Microsoft supports APIs which were declared deprecated for decades.
However, I totally agree in "Basically nobody is using it" part. It's because it was not properly implemented in .Net Framework. And now, when .Net Core is multiplatform, i.e. worst of all worlds, chances it will be implemented are very close to zero. ReFS does not support TxF.
Windows has a lot of awesome APIs which are accessible only to C/C++ and are not advertised well.
Of course it is possible to mitigate these issues more than most file systems do, but at the cost of reduced space or performance efficiency. Thats what using a further abstraction like SQLite buys you, but its not for free. Thats why all the FS as database efforts in the early 2000s like Longhorn failed.
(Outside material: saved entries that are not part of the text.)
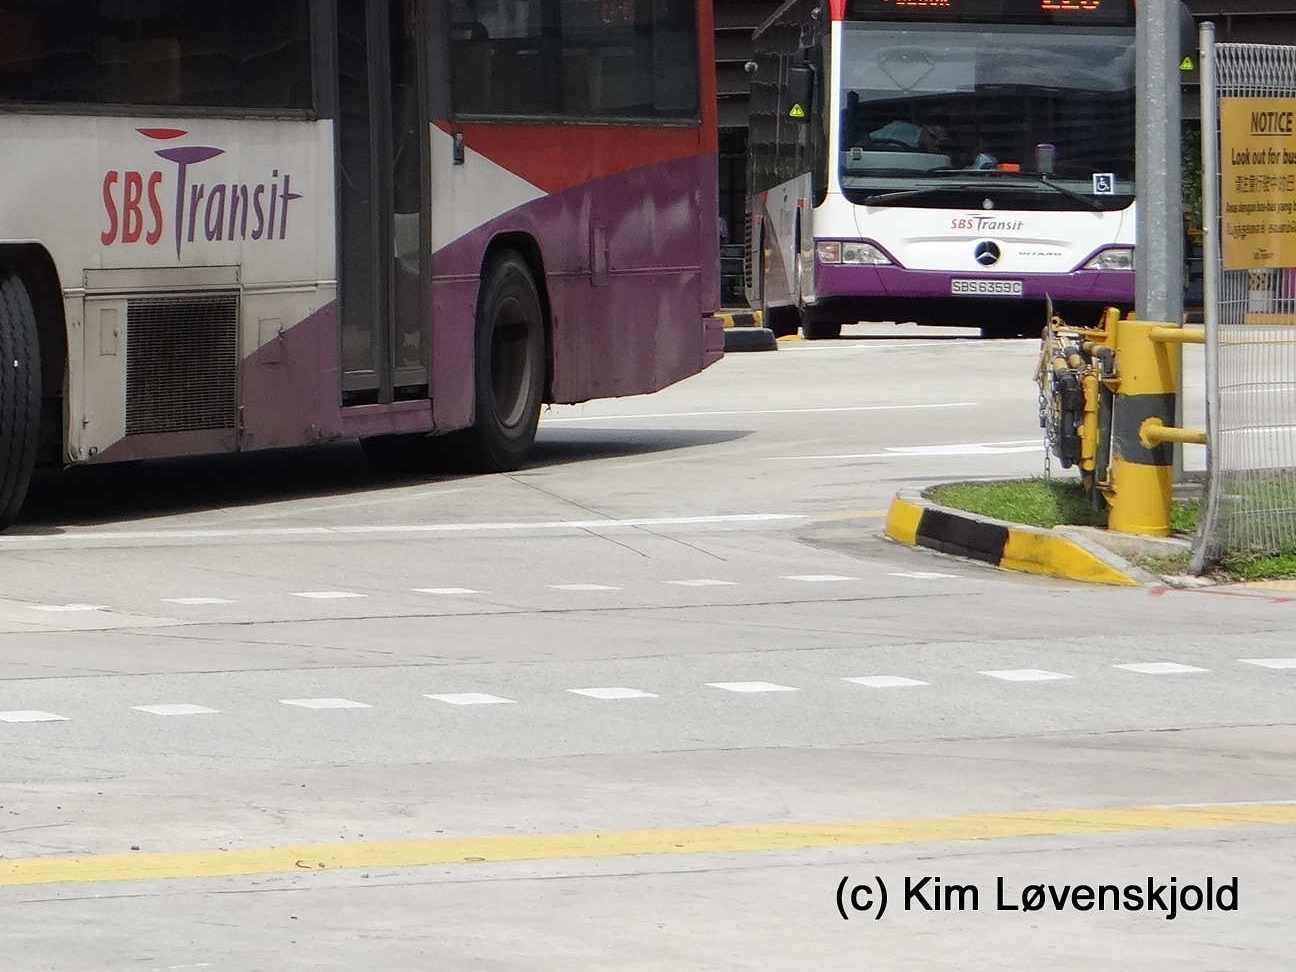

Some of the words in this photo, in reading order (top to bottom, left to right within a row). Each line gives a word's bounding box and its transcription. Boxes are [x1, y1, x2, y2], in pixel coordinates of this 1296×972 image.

[1250, 111, 1294, 133] NOTICE
[1231, 147, 1250, 166] Look
[1252, 147, 1266, 165] out
[1267, 147, 1281, 165] for
[101, 170, 163, 246] SBS
[154, 146, 303, 263] Transit
[950, 219, 973, 229] SBS
[971, 216, 1026, 231] Transit
[952, 281, 1021, 294] SBS6359C
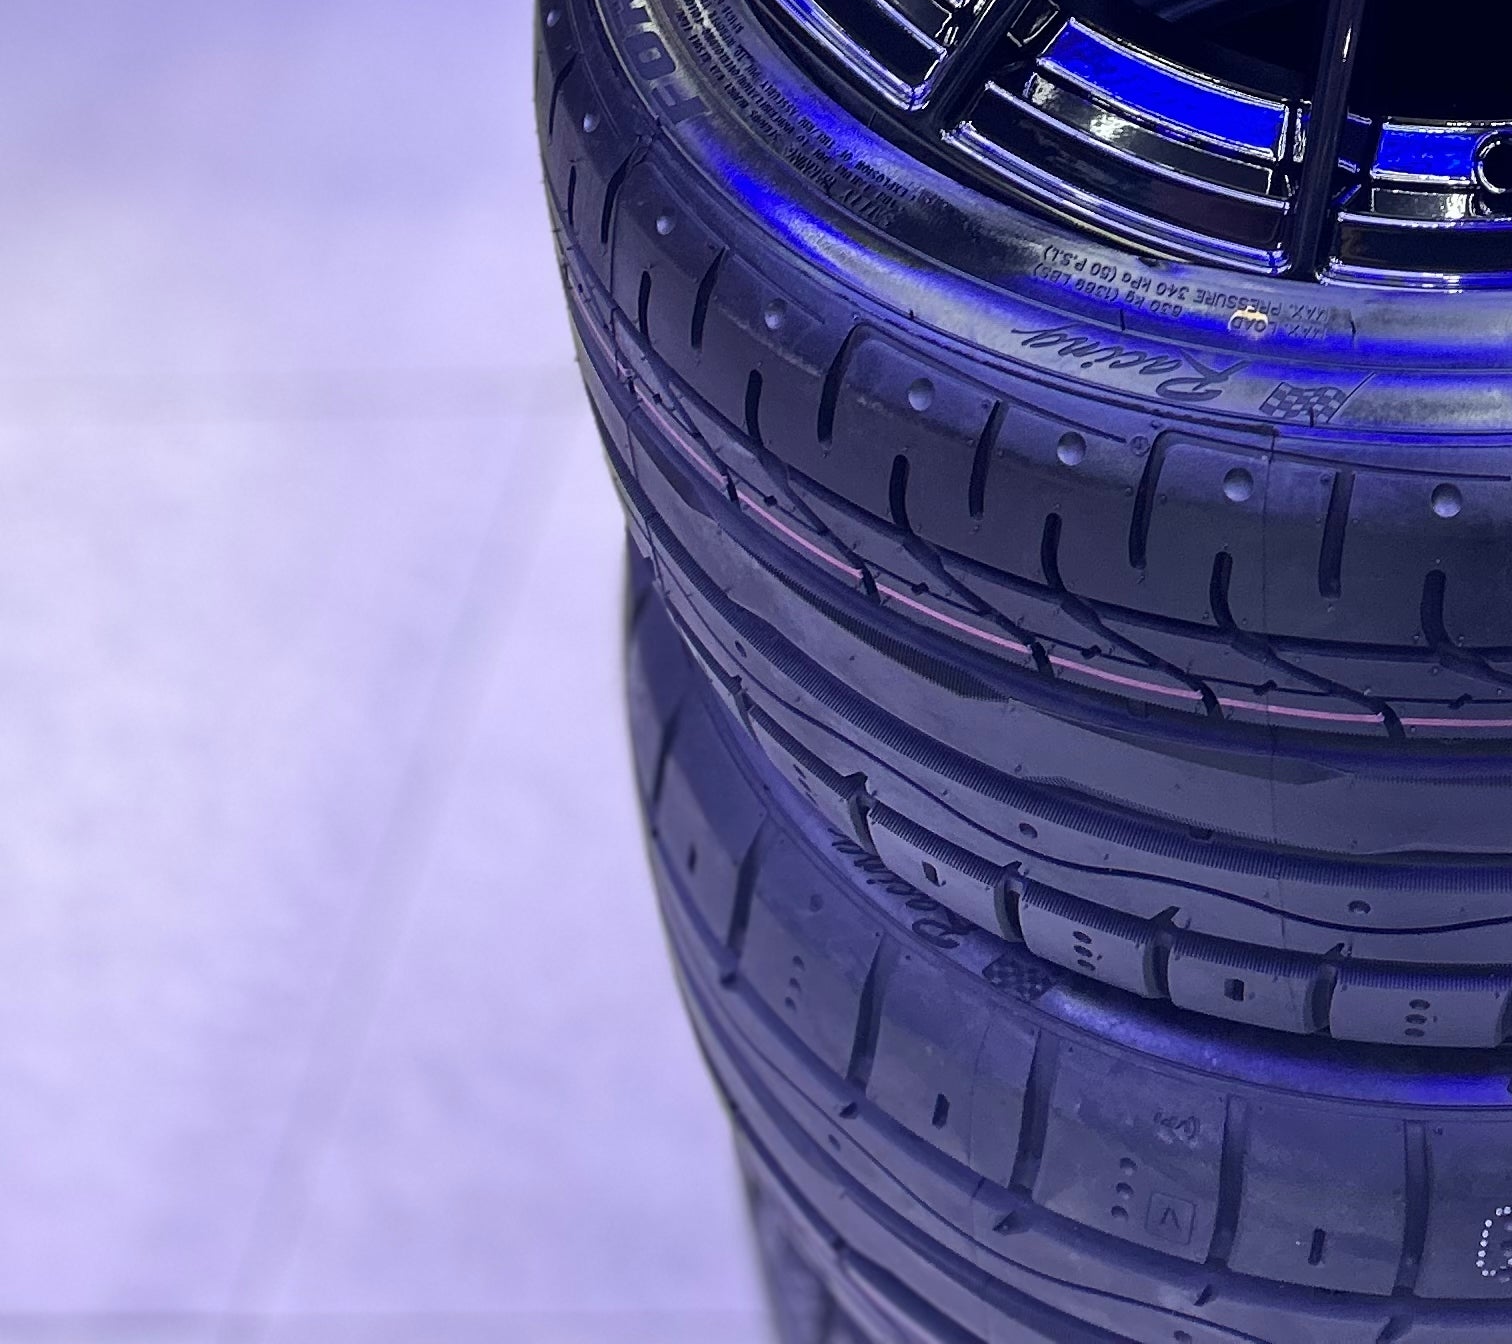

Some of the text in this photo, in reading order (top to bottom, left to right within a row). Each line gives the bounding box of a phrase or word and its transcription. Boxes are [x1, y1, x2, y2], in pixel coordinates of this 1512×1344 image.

[1031, 260, 1072, 287] LBS)
[1119, 270, 1152, 293] kPa
[1123, 288, 1146, 309] kg
[1154, 278, 1190, 301] 340
[1192, 287, 1281, 317] PRESSURE
[1229, 314, 1277, 335] LOAD
[1010, 322, 1248, 403] Racing
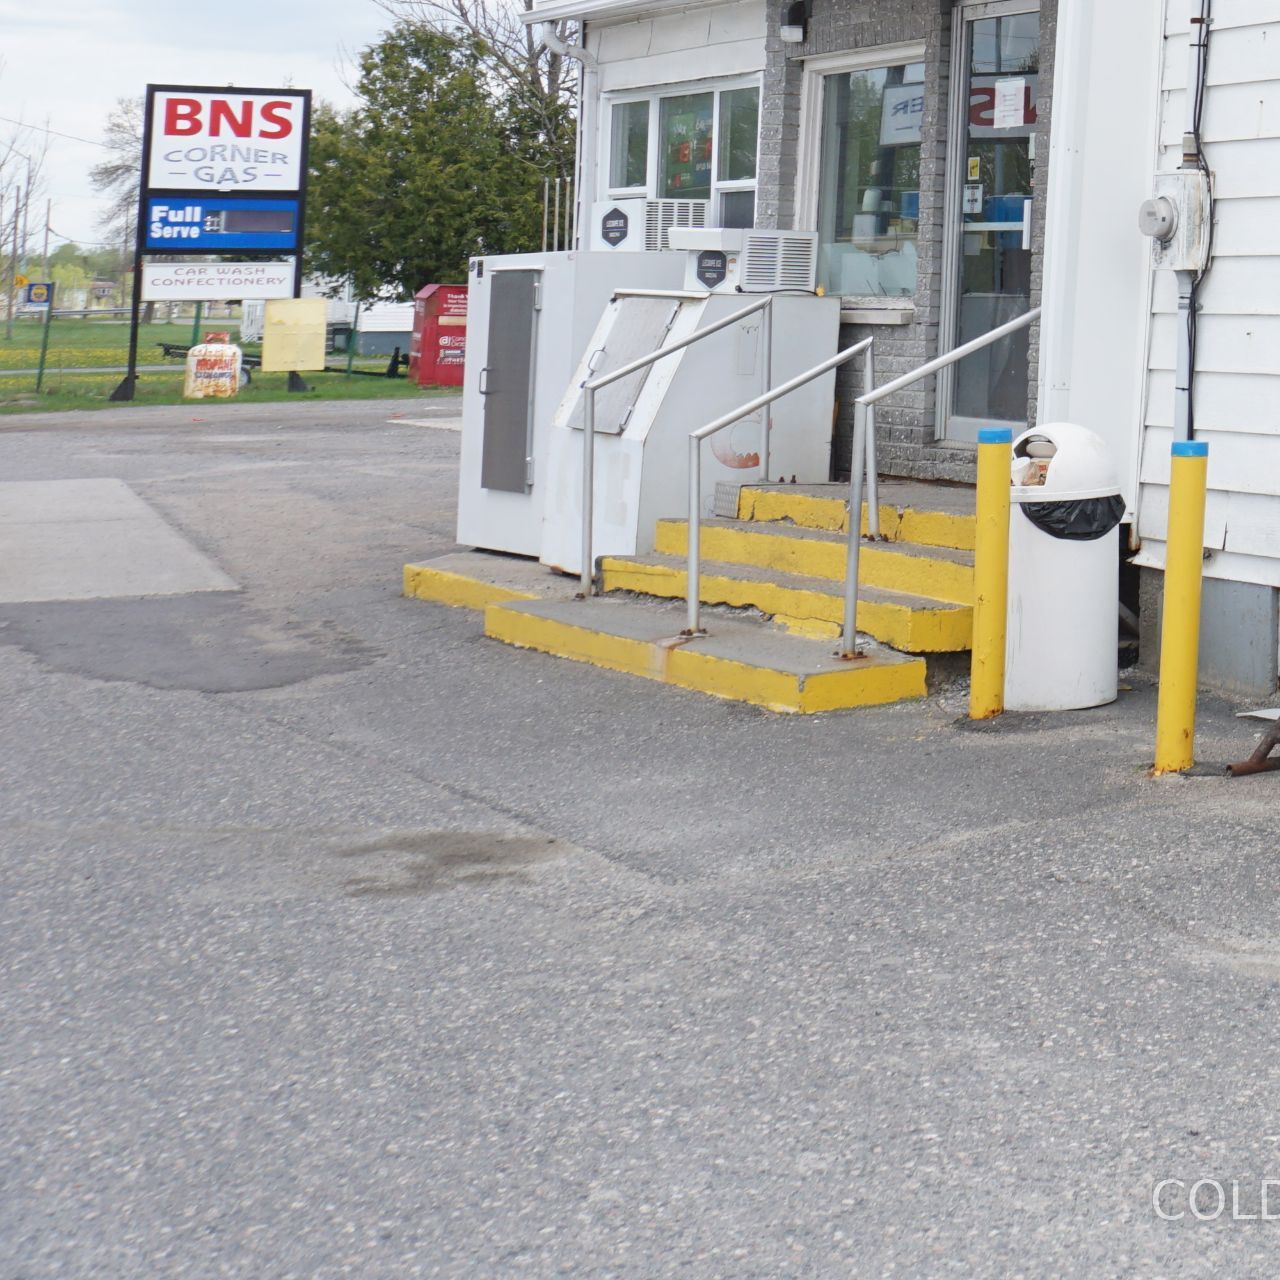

According to the article, if I use ext4 with journaling and have a file with "a foo" and write "bar" at position 2, possible resulting states are: "a foo", "a boo", "a bao" or "a bar". This is the best scenario - without journaling, I can also end up with uninitialized junk.
The authors of the filesystem APIs consider this to be correct behaviour. But I can't think of any use case for this nonsense behaviour. Real data, in every file on your computer is structured. And structured files simply can't handle this kind of data corruption. Maybe this API has slightly higher throughput, but by the time you've peppered your code with fsync() calls to make it correct, you've killed performance. And working around that takes whole philosophies of threading and thousands of lines of code.
I want that write call to either complete completely or fail completely. Actually, I want more than that - for a bunch of successive write calls touching multiple files to collectively succeed together or fail together. Which is not what the article is saying.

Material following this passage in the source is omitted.